Drew: Knowing that I'm my own boss and can do whatever I want. That sounds bratty, but I like that I can break format any way I want and it's OK. I've never had an in-office job where I had that much freedom.

The Gay Gamer: What's the hardest or most annoying part of creating an episode?

Drew: Trying to decide between "I can make this work" and "maybe I can't, maybe I should go in another direction." I don't like putting something out there that I don't think is worth the listener's time, and if I can't deliver the goods, then I need to go with plan B. This last week, I actually ended up not posting an episode, just because nothing was coming together. I'm hoping the time off lets me come up with a good idea.

The Gay Gamer: I always look forward to seeing the cover art you create for each episode, and I'm sure I'm not alone there. I'm guessing you enjoy it too? How long does it usually take you to make a piece of cover art? And what's your process for making one?

Drew: Sometimes the pixel art takes me as long as the episode itself, but only because it's my favorite part. It's basically just doodling, really, because I'm taking existing, official pixel art from Spriter's Resource and then screwing with it and making it weird or taking stuff from two different contexts and making them exist together. It's weirdly relaxing, even when I'm doing it at 2 a.m. because the episode is done and I'm still trying to figure out the art.

The rad cover for a heart-pounding episode
called "A VGM Dance Party"

The Gay Gamer: You obviously have a particular fondness for game music from the 16-bit era. Is that simply because you grew up in the '90s, or is there more to it than that?

Drew: On one hand, yeah. I was born in 1982, so most of my video game playing happened in the 1990s. It's my pop culture sweet spot. However, there is a less objective reason why I focus on 16-bit stuff. Super Marcato Bros. is another VGM podcast, hosted by composers who can talk about music on a technical level. One of the hosts (I think it's Will) has said that he thinks 8-bit VGM is the pinnacle of the genre--and yes, it is a genre--because the technology with which VGM composers could make music was very limited. In order to make music sound good, those 8-bit composers had to be clever enough to work within those restraints and find was to make the technology sing.
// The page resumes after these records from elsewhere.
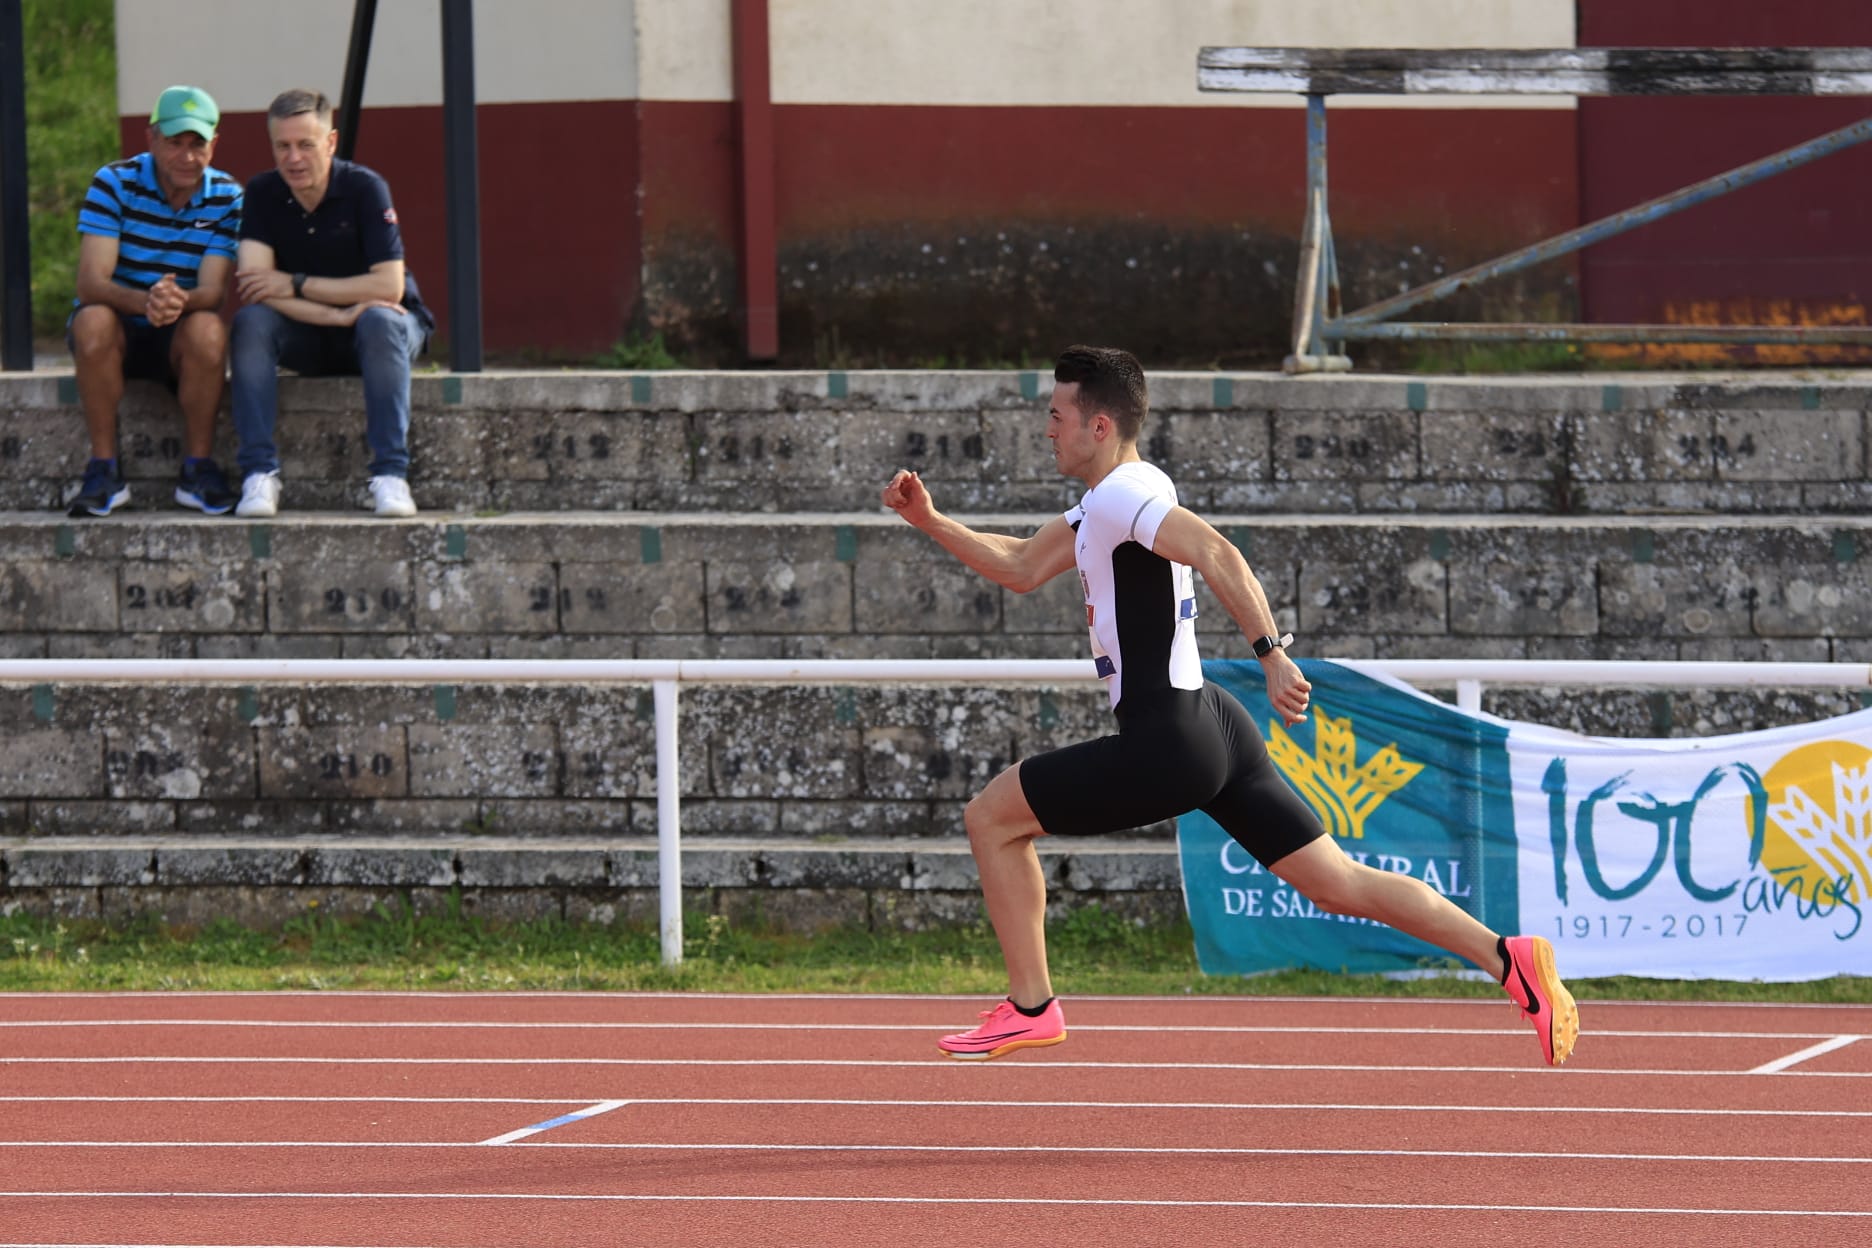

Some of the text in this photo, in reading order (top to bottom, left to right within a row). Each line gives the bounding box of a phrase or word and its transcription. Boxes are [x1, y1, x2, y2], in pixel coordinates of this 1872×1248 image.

[1541, 757, 1862, 940] 100 años
[1222, 888, 1264, 917] DE
[1555, 914, 1748, 938] 1917-2017
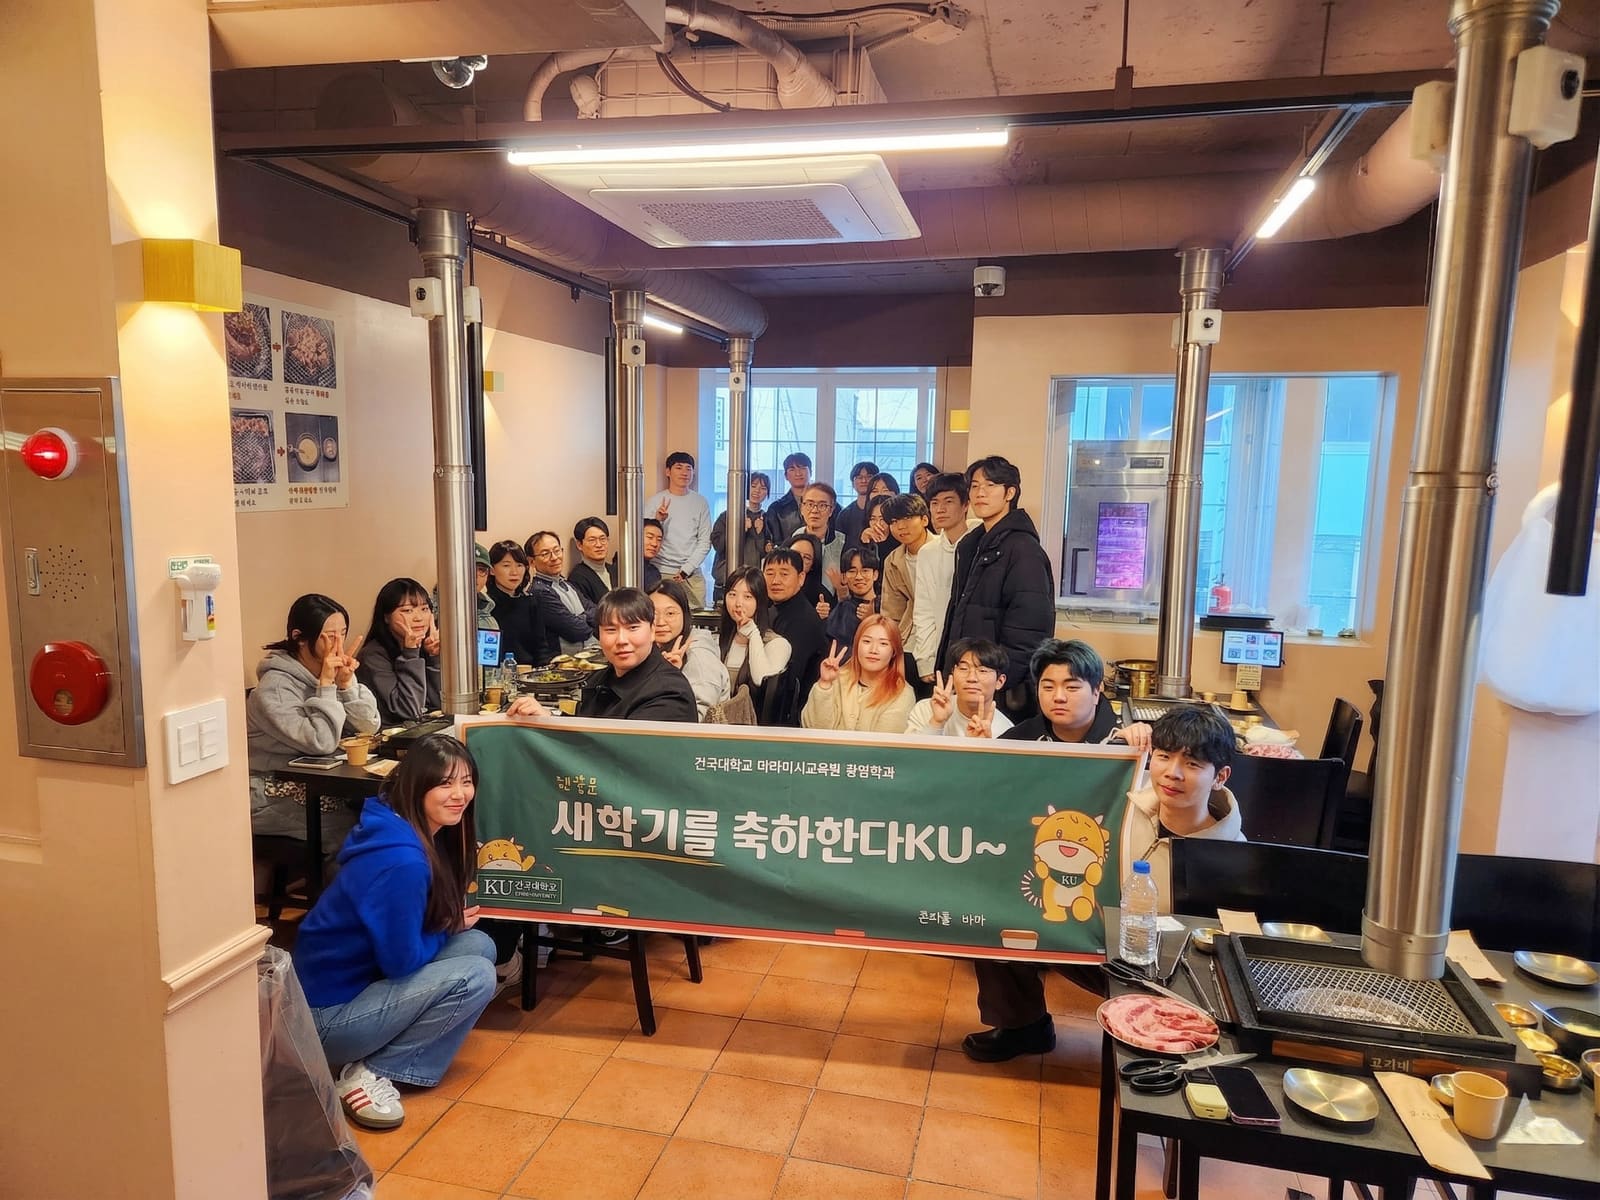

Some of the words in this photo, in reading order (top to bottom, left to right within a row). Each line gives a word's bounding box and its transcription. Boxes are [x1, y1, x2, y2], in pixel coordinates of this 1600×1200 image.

[551, 801, 718, 857] 새학기를
[733, 811, 1007, 863] 축하한다KU~
[484, 879, 513, 895] KU
[1062, 875, 1077, 886] KU
Alternatively, they could compose melodies that are so purely good and catchy that they'd sound good even being played with those limited means. Often they did both.
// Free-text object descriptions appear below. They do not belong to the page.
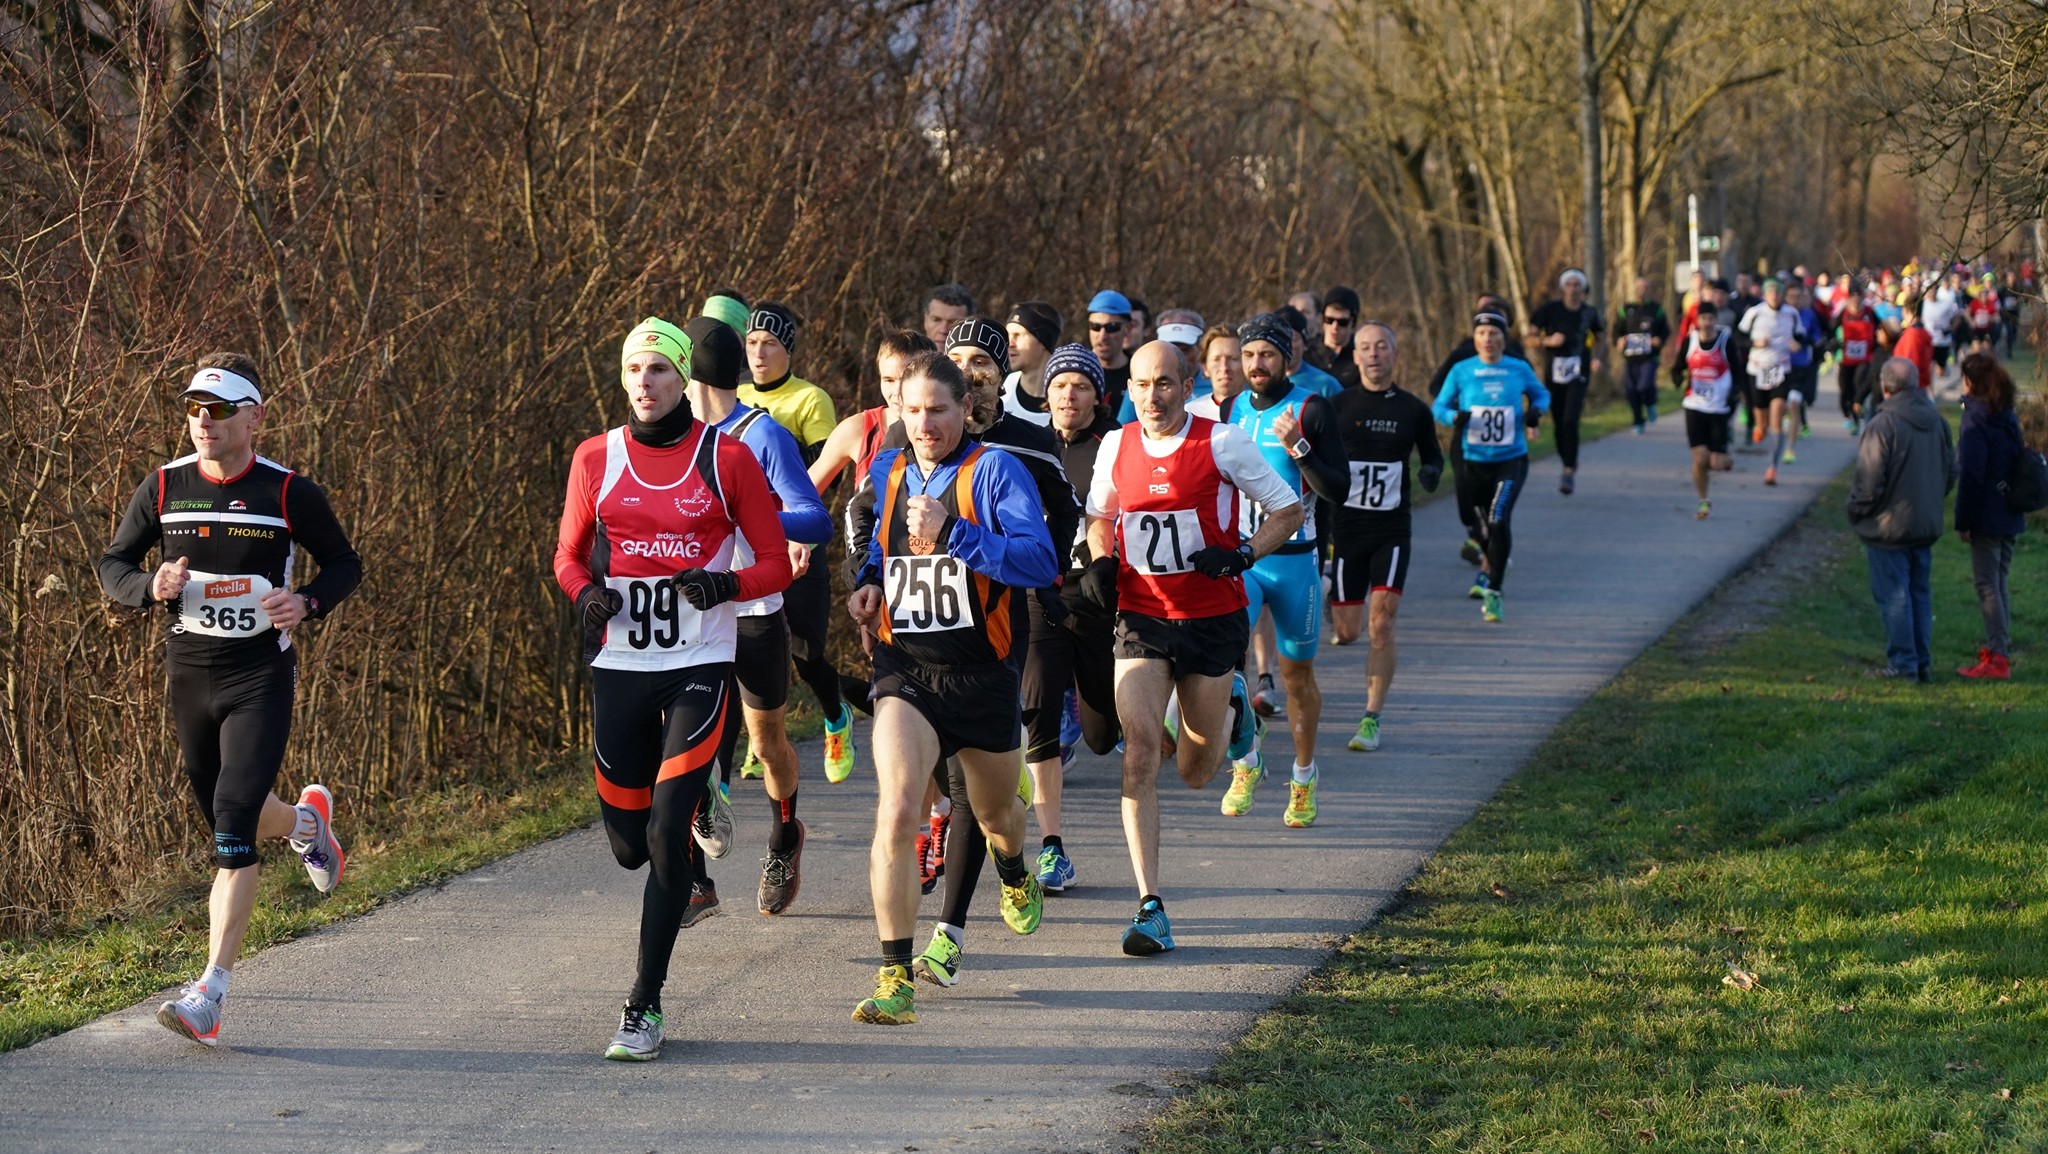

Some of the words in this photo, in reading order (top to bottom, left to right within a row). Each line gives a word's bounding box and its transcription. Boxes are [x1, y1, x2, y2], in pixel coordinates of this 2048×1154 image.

[1365, 419, 1398, 427] SPORT
[1481, 410, 1504, 443] 39
[1359, 465, 1388, 508] 15
[227, 527, 275, 539] THOMAS
[656, 532, 683, 541] erdgas
[620, 540, 702, 558] GRAVAG
[1140, 514, 1185, 572] 21
[210, 581, 246, 595] rivella
[889, 557, 960, 629] 256
[199, 605, 257, 631] 365
[694, 684, 712, 693] asics
I totally think this is true. As video game technology evolved, the restraints gradually went away. So composers coming along later didn't have to be as clever or the melodies nearly as perfectly composed. Coming right after the 8-bit age, the 16-bit stuff is still feeling those restraints but also getting a little more wiggle room, technologically speaking. To me, 16-bit is the best, because you still had to be fairly clever but you could also benefit from a wider range of sounds and consequently do a little more. And then as you get into the PlayStation and Nintendo 64 era it kinda gets... less catchy, I would say.
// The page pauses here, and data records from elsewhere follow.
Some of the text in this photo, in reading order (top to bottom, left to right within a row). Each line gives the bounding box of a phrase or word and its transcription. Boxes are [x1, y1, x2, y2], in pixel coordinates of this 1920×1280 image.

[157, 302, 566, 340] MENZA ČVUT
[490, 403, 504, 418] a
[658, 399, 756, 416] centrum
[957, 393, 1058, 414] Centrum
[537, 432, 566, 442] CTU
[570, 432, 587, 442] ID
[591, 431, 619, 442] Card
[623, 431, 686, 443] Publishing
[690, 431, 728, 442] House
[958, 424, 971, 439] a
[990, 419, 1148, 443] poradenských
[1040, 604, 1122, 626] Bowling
Drew and his adorable pup, Thurman
The Gay Gamer: Regardless, what are your favorite 16-bit soundtracks?

Drew: EarthBound (because eclectic), Seiken Densestu 3 (which is Trials of Mana now and I'm so glad people get to hear how Hiroki Kikuta took his work from the first Secret of Mana to a slightly darker place), and Super Mario RPG (because I actually think Yoko Shimomura is the most versatile composer working today, having composed this and the original Street Fighter II and Kingdom Hearts and Mario & Luigi and a billion other things). Oh, and the Donkey Kong Country trilogy. And then Treasure of the Rudras would probably be the one less famous OST from this era. Also Lufia II is better than you might remember.

The Gay Gamer: Do you have any favorite game soundtracks or even individual songs that come from outside the 16-bit era? If so, what are they?

Drew: Samurai Shodown! Especially the first three. Because I feel like the SNK fighters aren't remembered necessarily for their music, but the composers really nailed the mood of these games. And the DarkStalkers games are where Capcom always liked to get weird and experimental and kinda gay, if I'm being honest. And that includes the music. And then Wario Land 4 is just.... fascinatingly bizarre.